El miércoles, los futuros del West Texas Intermediate, referencia en EE. UU., subieron un 1.75% a 94.66 dólares por barril, mientras que el crudo Brent aumentó un 1.55% a 99.44 dólares por barril. Este aumento de precios sigue a la destrucción por parte del ejército de EE.
UU. de cinco petroleros iraníes en respuesta a intentos de ataques a un buque de guerra estadounidense, que logró evitar daños.
El conflicto en curso, que ahora se encuentra en su séptimo mes, ha llevado a analistas como Daan Struyven de Goldman Sachs a sugerir que la probabilidad de que los precios del petróleo superen los 120 dólares por barril está aumentando debido a los ataques intensificados a la navegación.

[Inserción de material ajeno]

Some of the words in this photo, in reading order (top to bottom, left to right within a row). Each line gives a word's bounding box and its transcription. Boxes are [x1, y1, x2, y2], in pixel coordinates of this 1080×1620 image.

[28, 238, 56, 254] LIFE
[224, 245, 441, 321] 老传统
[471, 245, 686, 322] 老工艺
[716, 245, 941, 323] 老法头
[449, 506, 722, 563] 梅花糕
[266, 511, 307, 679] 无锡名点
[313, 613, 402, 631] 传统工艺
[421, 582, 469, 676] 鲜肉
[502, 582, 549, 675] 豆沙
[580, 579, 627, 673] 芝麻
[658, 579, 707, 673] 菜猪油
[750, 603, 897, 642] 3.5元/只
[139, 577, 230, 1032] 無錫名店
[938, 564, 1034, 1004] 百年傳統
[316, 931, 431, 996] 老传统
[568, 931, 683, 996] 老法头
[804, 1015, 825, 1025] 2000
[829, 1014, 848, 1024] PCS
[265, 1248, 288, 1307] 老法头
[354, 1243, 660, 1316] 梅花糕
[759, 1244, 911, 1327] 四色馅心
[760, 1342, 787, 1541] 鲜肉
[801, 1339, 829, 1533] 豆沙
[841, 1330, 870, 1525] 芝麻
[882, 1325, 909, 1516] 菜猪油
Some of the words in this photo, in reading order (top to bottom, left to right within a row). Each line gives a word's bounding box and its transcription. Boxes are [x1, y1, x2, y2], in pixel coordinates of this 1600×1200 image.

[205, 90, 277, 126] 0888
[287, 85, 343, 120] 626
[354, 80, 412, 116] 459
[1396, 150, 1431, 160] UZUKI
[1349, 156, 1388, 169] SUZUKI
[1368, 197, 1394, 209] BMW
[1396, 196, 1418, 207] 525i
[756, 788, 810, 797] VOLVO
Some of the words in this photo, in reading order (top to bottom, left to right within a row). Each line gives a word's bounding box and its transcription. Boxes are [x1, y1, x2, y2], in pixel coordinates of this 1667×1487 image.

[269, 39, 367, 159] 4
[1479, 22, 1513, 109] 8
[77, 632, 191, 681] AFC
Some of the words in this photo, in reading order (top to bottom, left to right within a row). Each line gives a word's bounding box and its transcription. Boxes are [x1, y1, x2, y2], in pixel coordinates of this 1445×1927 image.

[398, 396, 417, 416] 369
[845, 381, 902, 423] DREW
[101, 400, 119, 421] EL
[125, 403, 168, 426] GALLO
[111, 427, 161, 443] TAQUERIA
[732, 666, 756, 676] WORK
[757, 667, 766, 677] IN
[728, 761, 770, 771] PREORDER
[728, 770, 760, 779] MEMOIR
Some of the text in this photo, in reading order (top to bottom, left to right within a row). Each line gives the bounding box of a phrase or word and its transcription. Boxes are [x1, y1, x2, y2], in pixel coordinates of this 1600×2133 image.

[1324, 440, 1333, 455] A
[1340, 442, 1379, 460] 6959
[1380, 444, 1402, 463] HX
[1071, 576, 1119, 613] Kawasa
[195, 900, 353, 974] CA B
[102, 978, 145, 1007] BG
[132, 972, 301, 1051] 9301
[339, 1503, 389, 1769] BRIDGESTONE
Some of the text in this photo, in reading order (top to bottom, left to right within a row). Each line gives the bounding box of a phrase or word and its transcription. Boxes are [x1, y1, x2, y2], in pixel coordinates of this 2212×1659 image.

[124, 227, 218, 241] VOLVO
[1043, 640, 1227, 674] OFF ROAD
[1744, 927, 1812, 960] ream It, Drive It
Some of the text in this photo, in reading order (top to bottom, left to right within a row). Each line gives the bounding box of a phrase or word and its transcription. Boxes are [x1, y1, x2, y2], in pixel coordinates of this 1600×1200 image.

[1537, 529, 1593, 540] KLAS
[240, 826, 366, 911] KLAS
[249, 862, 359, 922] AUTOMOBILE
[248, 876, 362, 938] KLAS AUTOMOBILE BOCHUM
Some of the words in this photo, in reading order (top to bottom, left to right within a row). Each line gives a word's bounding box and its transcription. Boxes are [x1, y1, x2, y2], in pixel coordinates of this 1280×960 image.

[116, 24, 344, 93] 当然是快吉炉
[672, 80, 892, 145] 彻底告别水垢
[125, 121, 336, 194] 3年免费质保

Aunque Goldman Sachs anticipa una recuperación gradual de las exportaciones del Golfo Pérsico a medida que los productores se adapten, la reciente escalada genera preocupaciones de que las exportaciones puedan estancarse, lo que podría llevar a un escenario de precios más alcista.
La situación es particularmente crítica ya que las acciones militares habían estado en pausa durante aproximadamente un mes, con EE. UU. enfocándose inicialmente en la presión económica antes de reanudar los ataques.